Coleridge began collaborating with another young poet, William Wordsworth, on a collection of verse called
Lyrical Ballads. At first, Coleridge took the lead in this collaboration, but when Coleridge agreed to join his friend and Wordsworth’s sister Dorothy in the Lake District to finish the book, Wordsworth began to impose his vision, rejecting Coleridge’s “Rime of the Ancient Mariner” and “Christabel.”
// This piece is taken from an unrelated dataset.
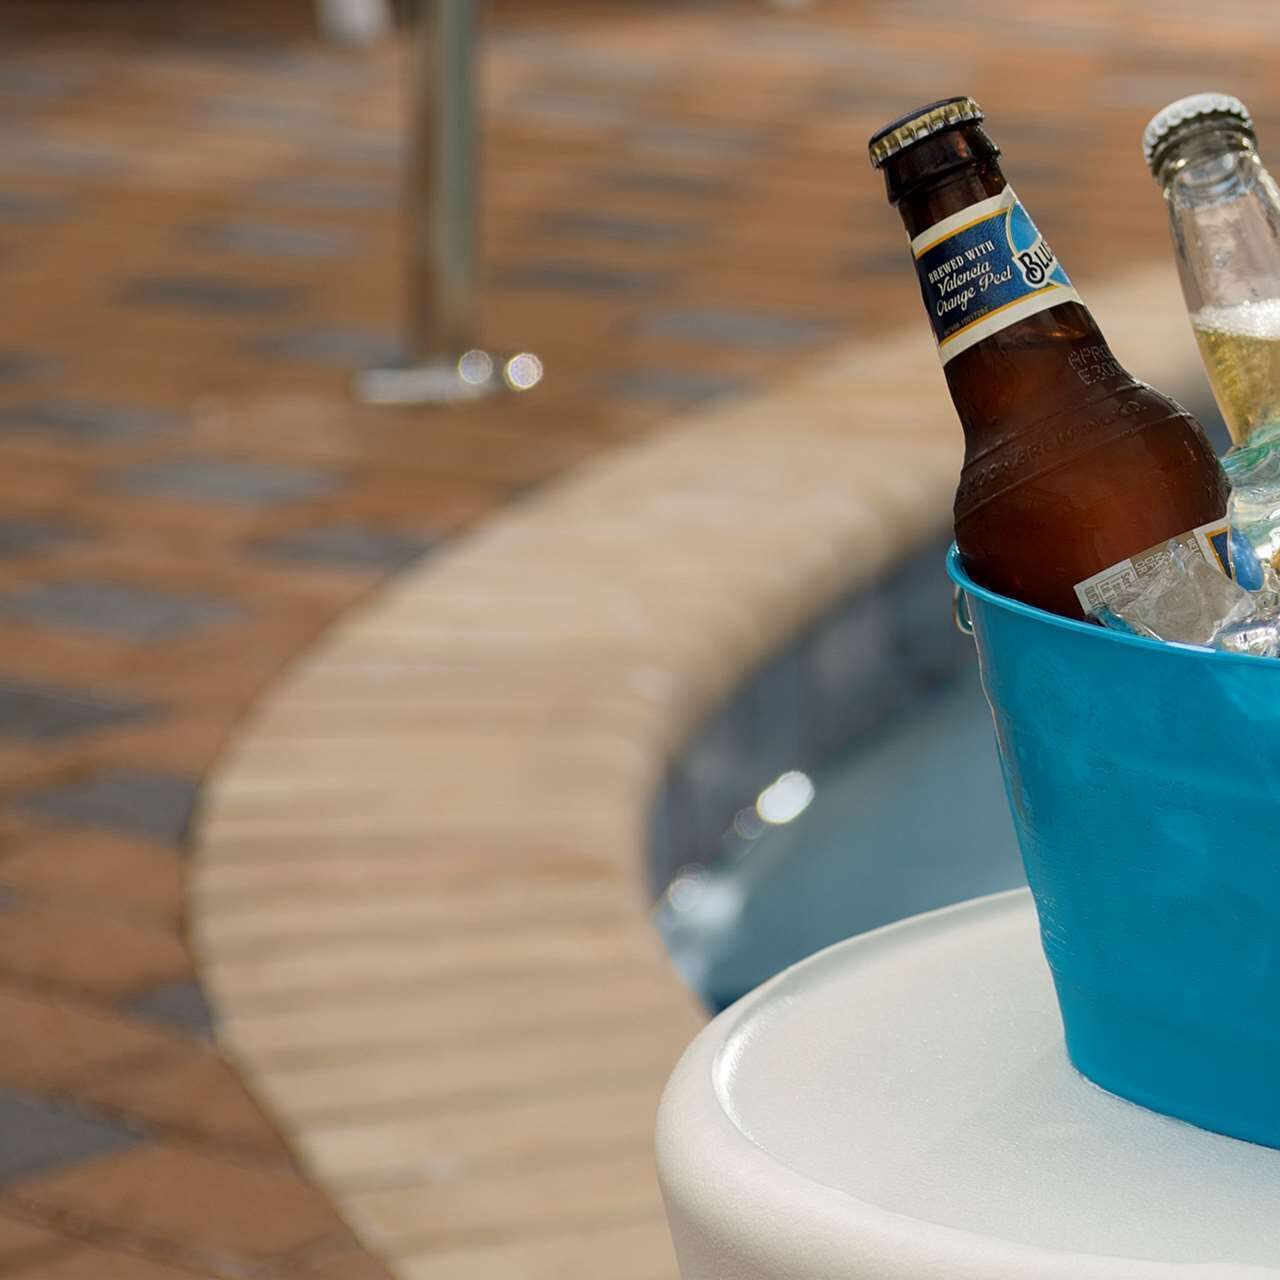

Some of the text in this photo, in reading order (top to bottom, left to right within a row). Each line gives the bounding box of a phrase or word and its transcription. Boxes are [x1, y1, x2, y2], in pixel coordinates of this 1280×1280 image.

[928, 239, 995, 284] BREWED WITH
[937, 261, 992, 297] Valencia
[936, 264, 1014, 317] Orange Peel
Coleridge took Wordsworth’s judgment of his work to heart. For Holmes, this represents the great crisis of Coleridge’s early life. The poet returned to his unhappy marriage in a state of dejection. His addiction to opium worsened, and he began to ignore literature in favor of political and metaphysical speculation. The bulk of the work for which Coleridge is now famous was behind him by this stage. However, Holmes argues that during this period, ''One can glimpse something new stirring in that extraordinarily flexible and resourceful mind: the hope of recreating himself imaginatively out of the sense of failure itself. First, he had deserts of opium, illness, and domestic unhappiness to cross; and endless unavailing visions of escape to live through. But he would do it, he would endure, he would write.''
The first half of Holmes’s account ends as Coleridge takes ship for Malta, writing on a chair made from the cages of captive ducks.
Praised in the
New York Times for its ability to win “the reader over to Coleridge’s point of view,” Holmes’s biography was universally well received by academics and lay readers alike.